GOAL OF THE EXERCISE =>
Reproduce all the entries, matching the original word for word.

[Stored data entries]
========================================

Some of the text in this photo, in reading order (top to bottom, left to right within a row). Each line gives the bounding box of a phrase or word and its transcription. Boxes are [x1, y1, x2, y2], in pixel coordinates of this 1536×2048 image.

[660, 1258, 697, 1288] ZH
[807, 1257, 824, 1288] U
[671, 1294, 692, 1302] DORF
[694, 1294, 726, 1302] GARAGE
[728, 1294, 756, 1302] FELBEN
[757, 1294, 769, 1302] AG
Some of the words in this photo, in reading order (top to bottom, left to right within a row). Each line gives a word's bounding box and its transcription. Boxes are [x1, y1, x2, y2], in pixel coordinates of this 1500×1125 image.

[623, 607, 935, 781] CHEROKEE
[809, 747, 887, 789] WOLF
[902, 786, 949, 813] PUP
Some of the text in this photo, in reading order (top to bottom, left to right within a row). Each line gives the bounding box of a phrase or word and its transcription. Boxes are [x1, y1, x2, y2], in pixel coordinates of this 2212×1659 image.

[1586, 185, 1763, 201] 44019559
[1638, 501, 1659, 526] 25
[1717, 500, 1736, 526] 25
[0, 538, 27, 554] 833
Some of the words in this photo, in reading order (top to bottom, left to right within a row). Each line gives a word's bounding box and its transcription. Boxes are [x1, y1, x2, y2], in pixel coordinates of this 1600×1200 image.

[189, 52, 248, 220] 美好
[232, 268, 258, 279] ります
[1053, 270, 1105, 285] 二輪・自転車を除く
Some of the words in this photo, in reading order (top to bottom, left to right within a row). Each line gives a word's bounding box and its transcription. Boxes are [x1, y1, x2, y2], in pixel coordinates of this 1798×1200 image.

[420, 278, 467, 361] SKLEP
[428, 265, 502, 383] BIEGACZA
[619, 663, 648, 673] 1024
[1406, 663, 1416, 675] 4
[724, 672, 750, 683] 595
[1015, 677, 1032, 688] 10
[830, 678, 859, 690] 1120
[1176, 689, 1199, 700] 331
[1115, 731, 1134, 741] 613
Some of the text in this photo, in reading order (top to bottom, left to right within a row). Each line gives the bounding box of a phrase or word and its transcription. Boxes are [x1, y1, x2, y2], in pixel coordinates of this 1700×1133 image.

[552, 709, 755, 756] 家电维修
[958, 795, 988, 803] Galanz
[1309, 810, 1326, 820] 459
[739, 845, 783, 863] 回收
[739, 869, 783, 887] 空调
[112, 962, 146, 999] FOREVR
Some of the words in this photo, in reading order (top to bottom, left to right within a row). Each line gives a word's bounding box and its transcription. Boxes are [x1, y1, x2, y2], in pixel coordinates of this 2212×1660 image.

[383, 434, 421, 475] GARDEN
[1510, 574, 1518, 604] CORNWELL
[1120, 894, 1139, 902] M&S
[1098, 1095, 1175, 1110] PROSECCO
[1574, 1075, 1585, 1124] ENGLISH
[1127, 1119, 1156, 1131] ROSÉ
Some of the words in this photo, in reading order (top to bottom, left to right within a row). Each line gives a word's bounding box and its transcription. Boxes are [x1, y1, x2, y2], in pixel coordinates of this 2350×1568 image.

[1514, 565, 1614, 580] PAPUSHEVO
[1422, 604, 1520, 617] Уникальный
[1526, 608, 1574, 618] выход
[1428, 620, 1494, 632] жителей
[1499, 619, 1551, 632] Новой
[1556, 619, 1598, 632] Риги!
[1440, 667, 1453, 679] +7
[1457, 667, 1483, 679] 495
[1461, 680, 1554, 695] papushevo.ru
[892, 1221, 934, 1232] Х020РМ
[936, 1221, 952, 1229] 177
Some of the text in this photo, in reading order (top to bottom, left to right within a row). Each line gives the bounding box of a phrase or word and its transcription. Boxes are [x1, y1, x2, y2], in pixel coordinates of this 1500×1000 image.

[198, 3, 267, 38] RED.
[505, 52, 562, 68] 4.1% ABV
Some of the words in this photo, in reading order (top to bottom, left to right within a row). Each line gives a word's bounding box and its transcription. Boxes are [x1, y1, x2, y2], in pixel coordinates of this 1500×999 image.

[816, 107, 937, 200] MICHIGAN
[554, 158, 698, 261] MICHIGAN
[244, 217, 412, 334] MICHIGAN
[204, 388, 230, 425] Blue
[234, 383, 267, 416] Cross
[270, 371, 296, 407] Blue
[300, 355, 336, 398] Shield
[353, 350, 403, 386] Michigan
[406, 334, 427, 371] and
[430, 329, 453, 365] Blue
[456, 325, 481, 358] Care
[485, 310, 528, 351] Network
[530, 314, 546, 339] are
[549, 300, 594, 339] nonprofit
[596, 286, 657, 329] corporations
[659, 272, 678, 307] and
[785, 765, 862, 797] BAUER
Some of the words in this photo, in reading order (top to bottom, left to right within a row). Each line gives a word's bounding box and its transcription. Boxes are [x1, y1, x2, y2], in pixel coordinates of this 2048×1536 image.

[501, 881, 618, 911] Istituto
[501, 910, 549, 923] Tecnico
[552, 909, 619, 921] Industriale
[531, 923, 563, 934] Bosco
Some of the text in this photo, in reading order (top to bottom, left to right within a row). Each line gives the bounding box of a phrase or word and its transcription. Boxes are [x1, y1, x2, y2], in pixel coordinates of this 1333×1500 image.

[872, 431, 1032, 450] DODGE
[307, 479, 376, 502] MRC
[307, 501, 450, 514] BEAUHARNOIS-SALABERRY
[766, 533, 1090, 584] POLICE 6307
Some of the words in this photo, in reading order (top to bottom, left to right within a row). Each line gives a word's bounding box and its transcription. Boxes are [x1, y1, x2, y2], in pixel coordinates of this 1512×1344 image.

========================================

RESULT BELOW =>
Some of the text in this photo, in reading order (top to bottom, left to right within a row). Each line gives the bounding box of a phrase or word and its transcription. Boxes are [x1, y1, x2, y2], in pixel coordinates of this 1536×2048 image.

[660, 1258, 697, 1288] ZH
[807, 1257, 824, 1288] U
[671, 1294, 692, 1302] DORF
[694, 1294, 726, 1302] GARAGE
[728, 1294, 756, 1302] FELBEN
[757, 1294, 769, 1302] AG
Some of the words in this photo, in reading order (top to bottom, left to right within a row). Each line gives a word's bounding box and its transcription. Boxes are [x1, y1, x2, y2], in pixel coordinates of this 1500×1125 image.

[623, 607, 935, 781] CHEROKEE
[809, 747, 887, 789] WOLF
[902, 786, 949, 813] PUP
Some of the text in this photo, in reading order (top to bottom, left to right within a row). Each line gives the bounding box of a phrase or word and its transcription. Boxes are [x1, y1, x2, y2], in pixel coordinates of this 2212×1659 image.

[1586, 185, 1763, 201] 44019559
[1638, 501, 1659, 526] 25
[1717, 500, 1736, 526] 25
[0, 538, 27, 554] 833
Some of the words in this photo, in reading order (top to bottom, left to right within a row). Each line gives a word's bounding box and its transcription. Boxes are [x1, y1, x2, y2], in pixel coordinates of this 1600×1200 image.

[189, 52, 248, 220] 美好
[232, 268, 258, 279] ります
[1053, 270, 1105, 285] 二輪・自転車を除く
Some of the words in this photo, in reading order (top to bottom, left to right within a row). Each line gives a word's bounding box and its transcription. Boxes are [x1, y1, x2, y2], in pixel coordinates of this 1798×1200 image.

[420, 278, 467, 361] SKLEP
[428, 265, 502, 383] BIEGACZA
[619, 663, 648, 673] 1024
[1406, 663, 1416, 675] 4
[724, 672, 750, 683] 595
[1015, 677, 1032, 688] 10
[830, 678, 859, 690] 1120
[1176, 689, 1199, 700] 331
[1115, 731, 1134, 741] 613
Some of the text in this photo, in reading order (top to bottom, left to right within a row). Each line gives the bounding box of a phrase or word and its transcription. Boxes are [x1, y1, x2, y2], in pixel coordinates of this 1700×1133 image.

[552, 709, 755, 756] 家电维修
[958, 795, 988, 803] Galanz
[1309, 810, 1326, 820] 459
[739, 845, 783, 863] 回收
[739, 869, 783, 887] 空调
[112, 962, 146, 999] FOREVR
Some of the words in this photo, in reading order (top to bottom, left to right within a row). Each line gives a word's bounding box and its transcription. Boxes are [x1, y1, x2, y2], in pixel coordinates of this 2212×1660 image.

[383, 434, 421, 475] GARDEN
[1510, 574, 1518, 604] CORNWELL
[1120, 894, 1139, 902] M&S
[1098, 1095, 1175, 1110] PROSECCO
[1574, 1075, 1585, 1124] ENGLISH
[1127, 1119, 1156, 1131] ROSÉ
Some of the words in this photo, in reading order (top to bottom, left to right within a row). Each line gives a word's bounding box and its transcription. Boxes are [x1, y1, x2, y2], in pixel coordinates of this 2350×1568 image.

[1514, 565, 1614, 580] PAPUSHEVO
[1422, 604, 1520, 617] Уникальный
[1526, 608, 1574, 618] выход
[1428, 620, 1494, 632] жителей
[1499, 619, 1551, 632] Новой
[1556, 619, 1598, 632] Риги!
[1440, 667, 1453, 679] +7
[1457, 667, 1483, 679] 495
[1461, 680, 1554, 695] papushevo.ru
[892, 1221, 934, 1232] Х020РМ
[936, 1221, 952, 1229] 177
Some of the text in this photo, in reading order (top to bottom, left to right within a row). Each line gives the bounding box of a phrase or word and its transcription. Boxes are [x1, y1, x2, y2], in pixel coordinates of this 1500×1000 image.

[198, 3, 267, 38] RED.
[505, 52, 562, 68] 4.1% ABV
Some of the words in this photo, in reading order (top to bottom, left to right within a row). Each line gives a word's bounding box and its transcription. Boxes are [x1, y1, x2, y2], in pixel coordinates of this 1500×999 image.

[816, 107, 937, 200] MICHIGAN
[554, 158, 698, 261] MICHIGAN
[244, 217, 412, 334] MICHIGAN
[204, 388, 230, 425] Blue
[234, 383, 267, 416] Cross
[270, 371, 296, 407] Blue
[300, 355, 336, 398] Shield
[353, 350, 403, 386] Michigan
[406, 334, 427, 371] and
[430, 329, 453, 365] Blue
[456, 325, 481, 358] Care
[485, 310, 528, 351] Network
[530, 314, 546, 339] are
[549, 300, 594, 339] nonprofit
[596, 286, 657, 329] corporations
[659, 272, 678, 307] and
[785, 765, 862, 797] BAUER
Some of the words in this photo, in reading order (top to bottom, left to right within a row). Each line gives a word's bounding box and its transcription. Boxes are [x1, y1, x2, y2], in pixel coordinates of this 2048×1536 image.

[501, 881, 618, 911] Istituto
[501, 910, 549, 923] Tecnico
[552, 909, 619, 921] Industriale
[531, 923, 563, 934] Bosco
Some of the text in this photo, in reading order (top to bottom, left to right within a row). Each line gives the bounding box of a phrase or word and its transcription. Boxes are [x1, y1, x2, y2], in pixel coordinates of this 1333×1500 image.

[872, 431, 1032, 450] DODGE
[307, 479, 376, 502] MRC
[307, 501, 450, 514] BEAUHARNOIS-SALABERRY
[766, 533, 1090, 584] POLICE 6307
Some of the words in this photo, in reading order (top to bottom, left to right within a row). Each line gives a word's bounding box and its transcription. Boxes are [x1, y1, x2, y2], in pixel coordinates of this 1512×1344 image.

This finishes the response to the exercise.